— WHAT THIS TASK INVOLVES —
Please output the following records exactly. Leave every image out.

⁂

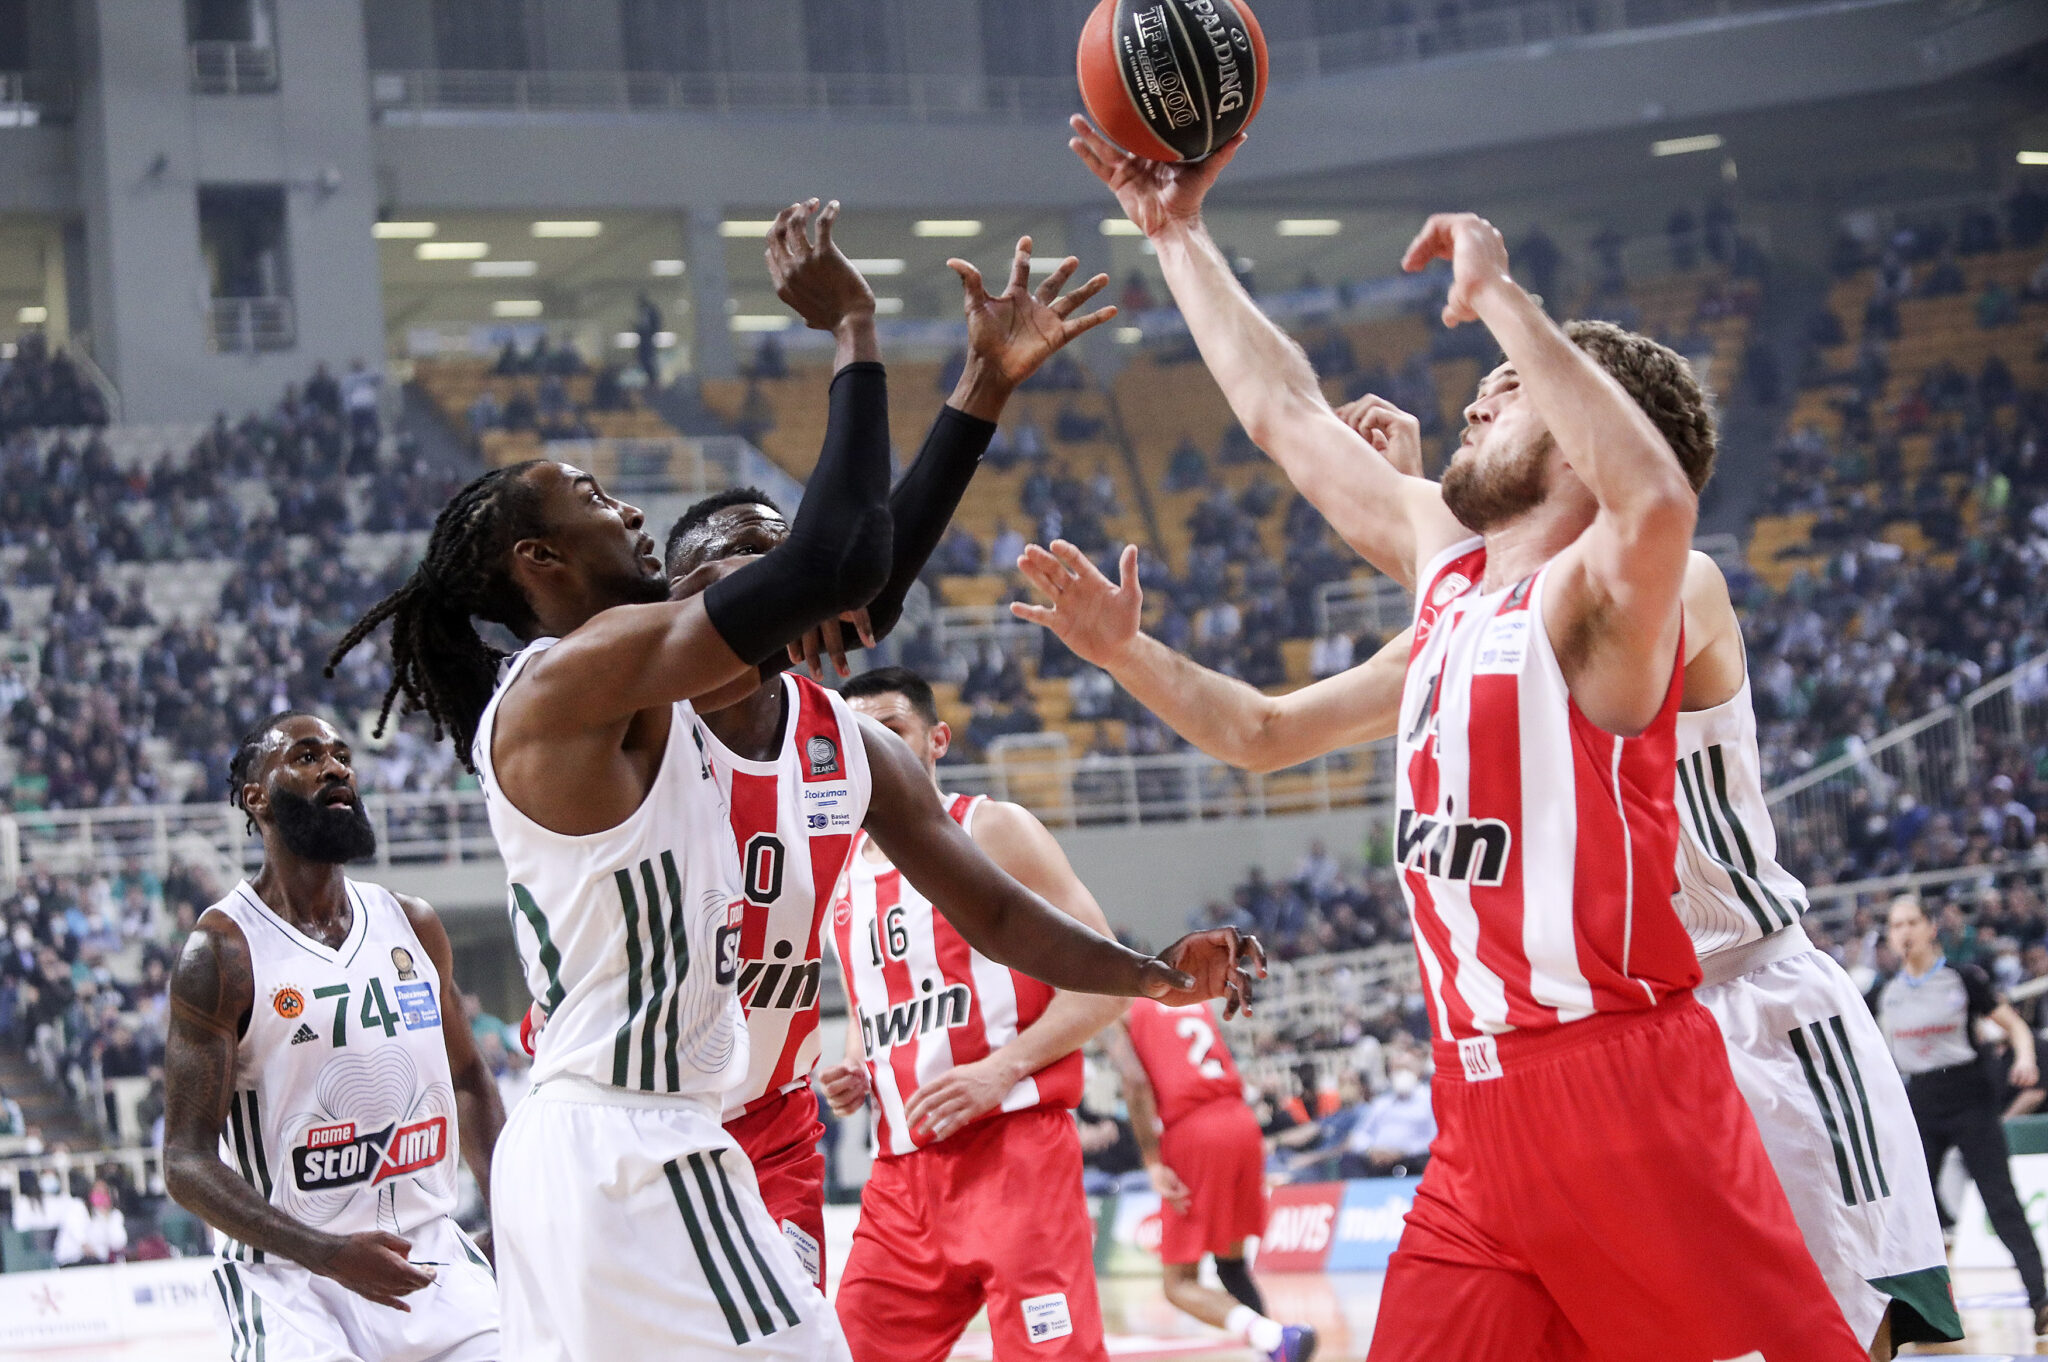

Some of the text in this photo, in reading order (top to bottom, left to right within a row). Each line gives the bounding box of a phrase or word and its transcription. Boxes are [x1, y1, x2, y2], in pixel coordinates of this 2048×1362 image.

[1123, 35, 1157, 120] DEEP CHANNEL DESIGN
[1137, 49, 1162, 96] LEGACY
[1139, 6, 1194, 127] TF-1000
[1185, 0, 1244, 120] PALDING.
[804, 789, 847, 799] Stoiximan
[1397, 793, 1508, 882] win
[868, 906, 909, 967] 16
[313, 977, 400, 1048] 74
[859, 978, 969, 1058] bwin
[1176, 1016, 1225, 1079] 2
[311, 1126, 351, 1148] pame
[1262, 1202, 1335, 1254] AVIS
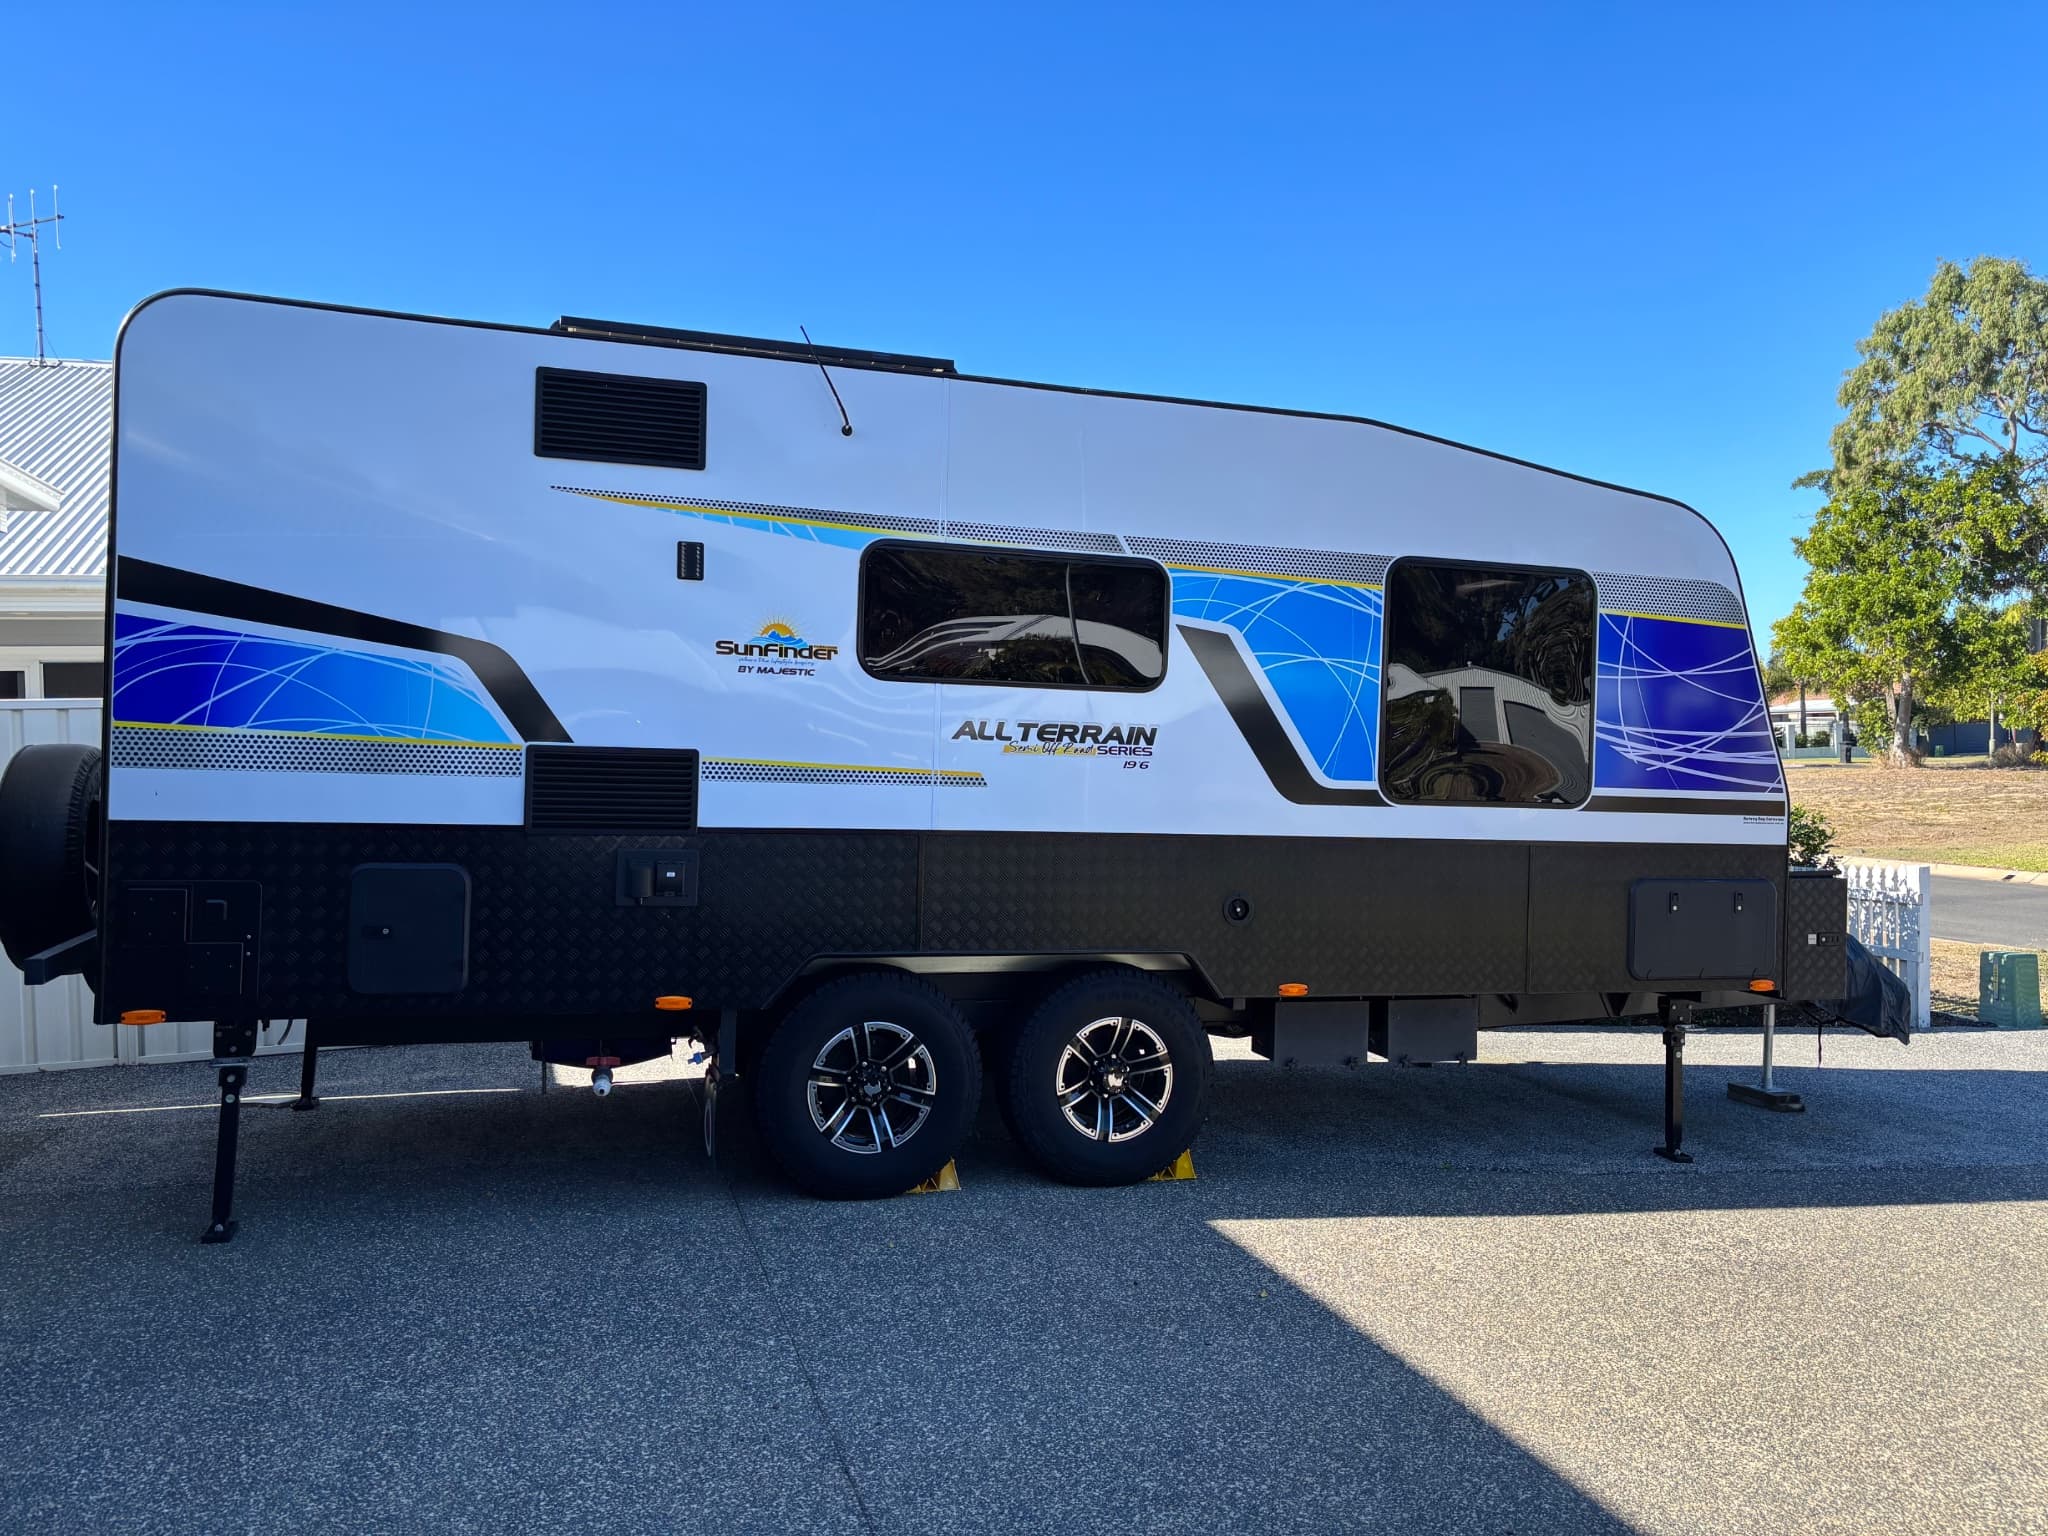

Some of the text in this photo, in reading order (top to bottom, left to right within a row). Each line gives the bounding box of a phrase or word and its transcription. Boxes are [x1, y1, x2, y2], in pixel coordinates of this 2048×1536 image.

⁂

— WRITTEN ANSWER —
Some of the text in this photo, in reading order (top to bottom, left to right within a row). Each line gives the bounding box of a phrase or word and its transcription. Boxes are [x1, y1, x2, y2], in pixel coordinates of this 2048×1362 image.

[1123, 35, 1157, 120] DEEP CHANNEL DESIGN
[1137, 49, 1162, 96] LEGACY
[1139, 6, 1194, 127] TF-1000
[1185, 0, 1244, 120] PALDING.
[804, 789, 847, 799] Stoiximan
[1397, 793, 1508, 882] win
[868, 906, 909, 967] 16
[313, 977, 400, 1048] 74
[859, 978, 969, 1058] bwin
[1176, 1016, 1225, 1079] 2
[311, 1126, 351, 1148] pame
[1262, 1202, 1335, 1254] AVIS

Some of the text in this photo, in reading order (top to bottom, left to right within a row). Each line gives the bounding box of a phrase or word and its transcription. Boxes are [x1, y1, x2, y2], in pixel coordinates of this 2048×1536 image.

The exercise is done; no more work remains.